Veja o momento em que o reverendo pede perdão e chora:

Depoente na CPI da Covid do Senado, o reverendo também é apontado como intermediário das tratativas entre o Ministério da Saúde e a Davati Medical Supply, que ofertou doses de vacinas ao governo federal. Ele foi provocado por senadores de oposição e da base aliada ao governo federal.Amilton chorou ao responder o senador Marcos Rogério (DEM-RO) sobre o envolvimento da Senah nas negociações.

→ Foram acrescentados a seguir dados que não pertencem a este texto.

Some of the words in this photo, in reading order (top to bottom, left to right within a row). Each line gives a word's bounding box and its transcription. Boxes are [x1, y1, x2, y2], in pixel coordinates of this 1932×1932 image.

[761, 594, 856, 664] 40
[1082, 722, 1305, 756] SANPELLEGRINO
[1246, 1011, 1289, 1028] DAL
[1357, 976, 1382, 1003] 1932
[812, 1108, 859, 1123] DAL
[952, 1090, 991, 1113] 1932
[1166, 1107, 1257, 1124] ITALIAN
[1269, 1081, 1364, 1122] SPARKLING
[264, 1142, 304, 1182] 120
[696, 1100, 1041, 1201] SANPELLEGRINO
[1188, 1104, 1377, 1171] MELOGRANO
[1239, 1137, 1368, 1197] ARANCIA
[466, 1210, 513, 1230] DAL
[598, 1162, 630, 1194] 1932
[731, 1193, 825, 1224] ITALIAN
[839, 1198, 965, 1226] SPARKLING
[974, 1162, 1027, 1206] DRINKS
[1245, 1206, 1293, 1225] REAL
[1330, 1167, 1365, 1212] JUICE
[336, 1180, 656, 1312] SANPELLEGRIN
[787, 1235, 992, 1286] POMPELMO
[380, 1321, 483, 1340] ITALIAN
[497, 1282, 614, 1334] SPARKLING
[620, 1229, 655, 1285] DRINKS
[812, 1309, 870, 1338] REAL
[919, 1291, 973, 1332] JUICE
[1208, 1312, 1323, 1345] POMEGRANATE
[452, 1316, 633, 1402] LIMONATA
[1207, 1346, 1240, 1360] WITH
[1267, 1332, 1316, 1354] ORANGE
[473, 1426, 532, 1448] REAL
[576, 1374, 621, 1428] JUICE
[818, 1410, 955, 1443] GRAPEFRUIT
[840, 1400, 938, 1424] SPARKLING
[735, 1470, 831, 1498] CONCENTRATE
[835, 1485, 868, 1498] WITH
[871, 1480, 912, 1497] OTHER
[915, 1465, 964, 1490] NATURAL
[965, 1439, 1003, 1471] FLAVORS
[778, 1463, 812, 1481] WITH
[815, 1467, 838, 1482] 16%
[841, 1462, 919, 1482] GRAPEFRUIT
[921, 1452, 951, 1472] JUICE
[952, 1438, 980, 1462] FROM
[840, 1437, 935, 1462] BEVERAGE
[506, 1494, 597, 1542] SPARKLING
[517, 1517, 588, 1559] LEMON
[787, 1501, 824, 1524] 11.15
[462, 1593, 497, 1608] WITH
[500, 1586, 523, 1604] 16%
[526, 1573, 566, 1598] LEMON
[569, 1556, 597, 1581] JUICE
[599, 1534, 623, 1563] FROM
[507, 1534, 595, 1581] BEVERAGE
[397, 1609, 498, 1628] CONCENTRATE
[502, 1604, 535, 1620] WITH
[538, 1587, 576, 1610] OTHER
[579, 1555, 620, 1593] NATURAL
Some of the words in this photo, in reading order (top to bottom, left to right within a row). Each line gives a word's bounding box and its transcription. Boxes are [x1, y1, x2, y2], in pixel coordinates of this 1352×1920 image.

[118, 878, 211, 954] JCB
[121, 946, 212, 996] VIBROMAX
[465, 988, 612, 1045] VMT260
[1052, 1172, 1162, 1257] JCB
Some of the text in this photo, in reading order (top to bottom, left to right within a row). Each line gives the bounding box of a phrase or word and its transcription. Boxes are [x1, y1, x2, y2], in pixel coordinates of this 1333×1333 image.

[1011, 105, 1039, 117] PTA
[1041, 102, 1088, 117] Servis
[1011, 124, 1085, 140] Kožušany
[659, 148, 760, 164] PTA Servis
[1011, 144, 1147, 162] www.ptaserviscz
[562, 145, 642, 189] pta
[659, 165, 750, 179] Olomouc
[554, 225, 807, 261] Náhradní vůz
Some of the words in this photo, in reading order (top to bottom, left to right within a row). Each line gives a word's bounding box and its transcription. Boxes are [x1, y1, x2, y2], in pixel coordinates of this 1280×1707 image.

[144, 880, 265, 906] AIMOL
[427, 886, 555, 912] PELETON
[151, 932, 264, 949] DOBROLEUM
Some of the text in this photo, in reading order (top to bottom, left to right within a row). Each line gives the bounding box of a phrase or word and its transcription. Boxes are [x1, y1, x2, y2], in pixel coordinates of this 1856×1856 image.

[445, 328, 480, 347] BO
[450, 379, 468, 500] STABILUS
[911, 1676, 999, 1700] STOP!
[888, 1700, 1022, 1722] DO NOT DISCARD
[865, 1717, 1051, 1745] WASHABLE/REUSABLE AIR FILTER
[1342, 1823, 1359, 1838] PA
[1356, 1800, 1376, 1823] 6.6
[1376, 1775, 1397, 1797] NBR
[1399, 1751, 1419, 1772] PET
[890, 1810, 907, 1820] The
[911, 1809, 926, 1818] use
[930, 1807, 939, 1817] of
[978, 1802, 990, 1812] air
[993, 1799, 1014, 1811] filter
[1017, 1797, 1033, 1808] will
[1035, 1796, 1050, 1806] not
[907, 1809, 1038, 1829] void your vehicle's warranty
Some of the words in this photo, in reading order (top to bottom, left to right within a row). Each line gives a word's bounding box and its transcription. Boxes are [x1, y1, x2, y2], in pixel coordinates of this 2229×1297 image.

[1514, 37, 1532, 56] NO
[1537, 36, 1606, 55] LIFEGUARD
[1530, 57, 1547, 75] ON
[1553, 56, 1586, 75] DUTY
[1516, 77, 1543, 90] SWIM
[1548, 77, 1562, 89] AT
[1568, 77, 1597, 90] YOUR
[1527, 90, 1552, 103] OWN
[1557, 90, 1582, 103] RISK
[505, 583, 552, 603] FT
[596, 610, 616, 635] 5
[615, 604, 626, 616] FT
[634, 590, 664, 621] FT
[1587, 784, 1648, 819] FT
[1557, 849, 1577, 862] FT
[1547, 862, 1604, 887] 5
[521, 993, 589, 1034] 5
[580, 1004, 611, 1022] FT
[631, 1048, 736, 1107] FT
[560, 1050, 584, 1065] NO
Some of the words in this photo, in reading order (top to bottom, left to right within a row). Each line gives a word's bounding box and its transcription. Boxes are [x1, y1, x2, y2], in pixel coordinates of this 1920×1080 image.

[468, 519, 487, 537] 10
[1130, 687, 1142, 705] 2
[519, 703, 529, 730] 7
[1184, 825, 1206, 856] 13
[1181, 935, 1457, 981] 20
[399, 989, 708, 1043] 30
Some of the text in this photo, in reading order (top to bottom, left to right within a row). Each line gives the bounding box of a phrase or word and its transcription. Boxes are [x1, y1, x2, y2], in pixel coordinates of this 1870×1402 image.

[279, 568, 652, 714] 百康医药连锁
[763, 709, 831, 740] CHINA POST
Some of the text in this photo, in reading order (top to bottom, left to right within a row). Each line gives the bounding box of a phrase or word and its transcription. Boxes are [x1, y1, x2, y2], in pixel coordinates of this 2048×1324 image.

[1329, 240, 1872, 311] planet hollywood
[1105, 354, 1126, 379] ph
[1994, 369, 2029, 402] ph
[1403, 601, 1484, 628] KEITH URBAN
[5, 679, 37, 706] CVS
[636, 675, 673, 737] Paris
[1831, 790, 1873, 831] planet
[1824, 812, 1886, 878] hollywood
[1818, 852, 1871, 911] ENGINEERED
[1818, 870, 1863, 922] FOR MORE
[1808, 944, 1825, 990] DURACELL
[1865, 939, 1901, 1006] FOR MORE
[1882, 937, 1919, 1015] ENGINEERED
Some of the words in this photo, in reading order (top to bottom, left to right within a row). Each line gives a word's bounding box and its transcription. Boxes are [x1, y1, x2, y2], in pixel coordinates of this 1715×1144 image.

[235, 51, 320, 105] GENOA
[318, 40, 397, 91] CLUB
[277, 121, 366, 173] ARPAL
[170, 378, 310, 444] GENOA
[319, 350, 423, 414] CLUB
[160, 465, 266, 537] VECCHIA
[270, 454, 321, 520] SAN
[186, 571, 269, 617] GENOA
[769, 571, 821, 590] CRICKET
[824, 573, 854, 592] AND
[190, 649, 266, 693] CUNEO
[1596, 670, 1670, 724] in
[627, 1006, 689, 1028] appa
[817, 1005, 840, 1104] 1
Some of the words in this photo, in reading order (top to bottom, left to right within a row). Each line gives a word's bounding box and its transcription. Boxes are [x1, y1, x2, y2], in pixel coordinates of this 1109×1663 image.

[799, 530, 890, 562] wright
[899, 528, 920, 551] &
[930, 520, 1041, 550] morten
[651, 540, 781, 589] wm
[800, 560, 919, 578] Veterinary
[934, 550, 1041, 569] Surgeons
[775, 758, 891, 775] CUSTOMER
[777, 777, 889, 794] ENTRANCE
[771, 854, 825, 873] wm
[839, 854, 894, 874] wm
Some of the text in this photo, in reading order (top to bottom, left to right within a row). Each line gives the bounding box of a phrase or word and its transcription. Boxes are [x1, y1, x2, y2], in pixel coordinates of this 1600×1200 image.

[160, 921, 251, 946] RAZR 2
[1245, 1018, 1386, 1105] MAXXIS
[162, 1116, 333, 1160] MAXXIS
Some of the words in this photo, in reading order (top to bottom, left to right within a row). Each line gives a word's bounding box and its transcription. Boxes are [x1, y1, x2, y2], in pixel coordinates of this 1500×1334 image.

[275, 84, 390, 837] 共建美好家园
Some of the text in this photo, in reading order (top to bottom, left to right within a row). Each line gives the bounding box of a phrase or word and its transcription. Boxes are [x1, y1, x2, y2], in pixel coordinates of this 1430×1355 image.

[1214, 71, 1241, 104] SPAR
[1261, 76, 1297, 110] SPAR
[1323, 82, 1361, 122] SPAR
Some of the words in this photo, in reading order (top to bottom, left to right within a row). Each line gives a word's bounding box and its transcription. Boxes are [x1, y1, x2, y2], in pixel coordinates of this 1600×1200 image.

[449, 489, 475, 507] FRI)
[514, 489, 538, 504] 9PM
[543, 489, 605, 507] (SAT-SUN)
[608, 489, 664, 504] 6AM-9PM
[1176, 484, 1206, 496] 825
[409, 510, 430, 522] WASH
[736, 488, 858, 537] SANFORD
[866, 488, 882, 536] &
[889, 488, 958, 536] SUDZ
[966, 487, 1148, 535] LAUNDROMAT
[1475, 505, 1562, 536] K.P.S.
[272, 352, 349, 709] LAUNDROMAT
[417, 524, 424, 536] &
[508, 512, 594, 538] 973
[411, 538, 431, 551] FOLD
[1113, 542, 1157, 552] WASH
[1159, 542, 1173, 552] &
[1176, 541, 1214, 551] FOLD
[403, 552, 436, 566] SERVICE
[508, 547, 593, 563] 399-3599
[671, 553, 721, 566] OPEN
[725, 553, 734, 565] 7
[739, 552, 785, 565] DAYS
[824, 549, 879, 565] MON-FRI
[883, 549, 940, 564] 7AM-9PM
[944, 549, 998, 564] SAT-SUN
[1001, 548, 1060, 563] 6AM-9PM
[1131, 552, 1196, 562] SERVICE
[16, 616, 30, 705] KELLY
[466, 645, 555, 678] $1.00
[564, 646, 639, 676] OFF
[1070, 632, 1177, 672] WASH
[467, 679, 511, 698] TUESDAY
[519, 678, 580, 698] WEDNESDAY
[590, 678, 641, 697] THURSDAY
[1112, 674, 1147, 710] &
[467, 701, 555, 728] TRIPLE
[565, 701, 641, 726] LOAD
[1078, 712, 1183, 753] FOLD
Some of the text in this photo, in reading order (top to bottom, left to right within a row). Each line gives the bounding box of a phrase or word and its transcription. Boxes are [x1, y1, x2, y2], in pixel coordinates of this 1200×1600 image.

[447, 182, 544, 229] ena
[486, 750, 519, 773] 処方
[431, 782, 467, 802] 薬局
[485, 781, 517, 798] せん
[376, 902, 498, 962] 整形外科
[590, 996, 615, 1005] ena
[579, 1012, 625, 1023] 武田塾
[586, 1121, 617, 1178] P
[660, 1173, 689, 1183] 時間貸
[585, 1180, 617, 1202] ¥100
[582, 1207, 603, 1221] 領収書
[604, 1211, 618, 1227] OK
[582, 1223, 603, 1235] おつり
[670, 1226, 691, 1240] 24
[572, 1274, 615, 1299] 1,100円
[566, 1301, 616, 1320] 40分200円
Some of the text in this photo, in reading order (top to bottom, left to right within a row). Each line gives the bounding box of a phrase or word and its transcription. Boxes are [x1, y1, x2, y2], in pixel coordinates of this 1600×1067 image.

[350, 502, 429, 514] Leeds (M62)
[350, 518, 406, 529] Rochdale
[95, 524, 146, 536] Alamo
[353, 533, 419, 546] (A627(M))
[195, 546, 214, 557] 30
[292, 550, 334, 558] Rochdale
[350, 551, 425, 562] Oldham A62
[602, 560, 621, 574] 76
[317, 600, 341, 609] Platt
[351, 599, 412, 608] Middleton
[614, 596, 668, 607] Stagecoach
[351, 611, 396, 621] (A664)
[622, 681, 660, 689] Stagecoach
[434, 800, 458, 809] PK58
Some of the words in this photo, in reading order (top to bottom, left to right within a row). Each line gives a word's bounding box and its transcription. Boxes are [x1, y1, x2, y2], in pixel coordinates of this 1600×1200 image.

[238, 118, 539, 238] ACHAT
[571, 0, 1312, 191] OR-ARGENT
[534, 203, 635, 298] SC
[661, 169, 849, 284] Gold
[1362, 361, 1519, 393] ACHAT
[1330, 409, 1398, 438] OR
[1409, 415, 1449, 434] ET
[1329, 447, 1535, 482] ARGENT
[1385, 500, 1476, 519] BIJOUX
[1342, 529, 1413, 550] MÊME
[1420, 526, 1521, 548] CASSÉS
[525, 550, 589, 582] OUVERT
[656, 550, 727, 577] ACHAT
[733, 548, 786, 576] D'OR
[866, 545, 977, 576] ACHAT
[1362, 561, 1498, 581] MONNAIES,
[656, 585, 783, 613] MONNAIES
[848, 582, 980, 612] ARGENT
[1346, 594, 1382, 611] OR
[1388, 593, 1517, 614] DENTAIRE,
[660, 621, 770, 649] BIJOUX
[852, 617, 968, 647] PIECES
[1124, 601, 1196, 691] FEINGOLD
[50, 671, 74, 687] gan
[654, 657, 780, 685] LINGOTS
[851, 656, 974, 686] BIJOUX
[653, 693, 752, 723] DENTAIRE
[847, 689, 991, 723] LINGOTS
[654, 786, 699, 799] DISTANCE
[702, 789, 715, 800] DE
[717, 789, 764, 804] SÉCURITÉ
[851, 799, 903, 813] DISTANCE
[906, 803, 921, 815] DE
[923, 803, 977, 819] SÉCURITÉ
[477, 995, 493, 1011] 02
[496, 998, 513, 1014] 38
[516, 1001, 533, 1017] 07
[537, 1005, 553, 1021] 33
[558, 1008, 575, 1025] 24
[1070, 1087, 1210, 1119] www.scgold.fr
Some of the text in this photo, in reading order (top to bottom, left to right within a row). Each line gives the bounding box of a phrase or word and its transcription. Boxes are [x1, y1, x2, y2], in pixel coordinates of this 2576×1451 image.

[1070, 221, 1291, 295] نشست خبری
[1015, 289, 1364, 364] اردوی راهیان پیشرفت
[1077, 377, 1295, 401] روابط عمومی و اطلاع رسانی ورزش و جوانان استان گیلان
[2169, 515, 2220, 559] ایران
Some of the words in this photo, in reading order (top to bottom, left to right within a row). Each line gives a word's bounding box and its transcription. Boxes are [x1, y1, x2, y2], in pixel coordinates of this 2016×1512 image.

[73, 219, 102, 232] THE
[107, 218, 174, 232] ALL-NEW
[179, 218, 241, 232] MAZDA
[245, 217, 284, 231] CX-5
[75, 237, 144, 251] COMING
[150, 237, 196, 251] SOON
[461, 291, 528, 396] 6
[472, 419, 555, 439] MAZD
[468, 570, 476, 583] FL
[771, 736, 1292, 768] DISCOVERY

“Eu queria trazer vacina para o Brasil. Tenho culpa, sim. Peço desculpa ao Brasil, o que eu cometi não agradou aos olhos de Deus. Peço perdão aos senadores”, disse, emocionado

Contradições

A oitiva do reverendo foi marcada por contradições. O depoente não soube explicar, por exemplo, as inúmeras diferenças entre os valores ofertados – ora pela Senah, ora pela Davati. Segundo o religioso, a primeira proposta da empresa norte-americana era de US$ 3,50 e, posteriormente, passou para US$ 17,50. Por fim, a companhia teria ofertado as doses de vacina por US$ 11 cada. O vice-presidente da CPI da Covid, senador Randolfe Rodrigues, no entanto, mostrou documento oficial da Davati, datado de 5 de março deste ano, no qual o preço estabelecido por imunizante seria de US$ 10. Em carta enviada nove dias depois, o reverendo dizia ao então secretário-executivo do Ministério da Saúde Élcio Franco que as vacinas custariam US$ 11 por dose. A diferença de US$ 1 por unidade é justamente o mesmo valor da suposta propina que teria sido cobrada por Roberto Ferreira Dias nas tratativas entre a Senah, a Davati e o Ministério da Saúde.